**About this exercise:** The reply must repeat the listing below exactly and carry none of its pictures.

**Provided entries:**
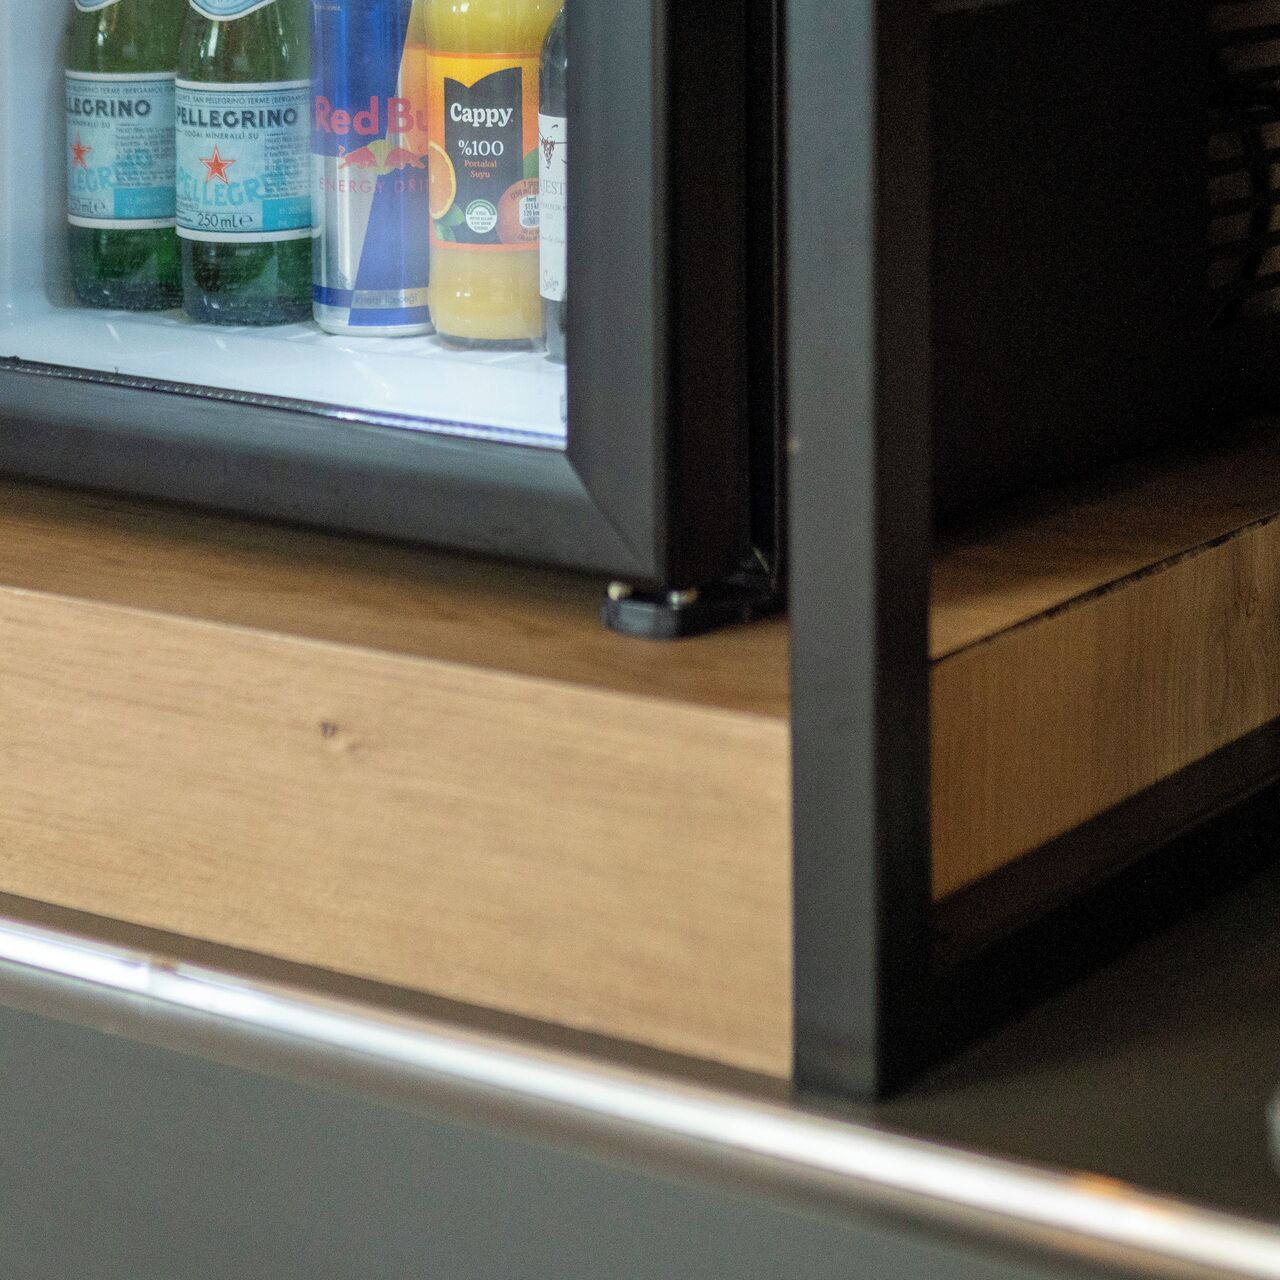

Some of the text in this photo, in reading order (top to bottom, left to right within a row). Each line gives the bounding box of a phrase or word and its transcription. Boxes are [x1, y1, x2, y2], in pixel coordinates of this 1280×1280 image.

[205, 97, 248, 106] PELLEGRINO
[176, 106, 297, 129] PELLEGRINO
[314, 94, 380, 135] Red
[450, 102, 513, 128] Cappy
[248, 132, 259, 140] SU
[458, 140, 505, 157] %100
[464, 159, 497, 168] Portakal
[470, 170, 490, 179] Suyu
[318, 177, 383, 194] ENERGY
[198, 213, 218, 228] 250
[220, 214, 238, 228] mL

**Written answer:**
Some of the text in this photo, in reading order (top to bottom, left to right within a row). Each line gives the bounding box of a phrase or word and its transcription. Boxes are [x1, y1, x2, y2], in pixel coordinates of this 1280×1280 image.

[205, 97, 248, 106] PELLEGRINO
[176, 106, 297, 129] PELLEGRINO
[314, 94, 380, 135] Red
[450, 102, 513, 128] Cappy
[248, 132, 259, 140] SU
[458, 140, 505, 157] %100
[464, 159, 497, 168] Portakal
[470, 170, 490, 179] Suyu
[318, 177, 383, 194] ENERGY
[198, 213, 218, 228] 250
[220, 214, 238, 228] mL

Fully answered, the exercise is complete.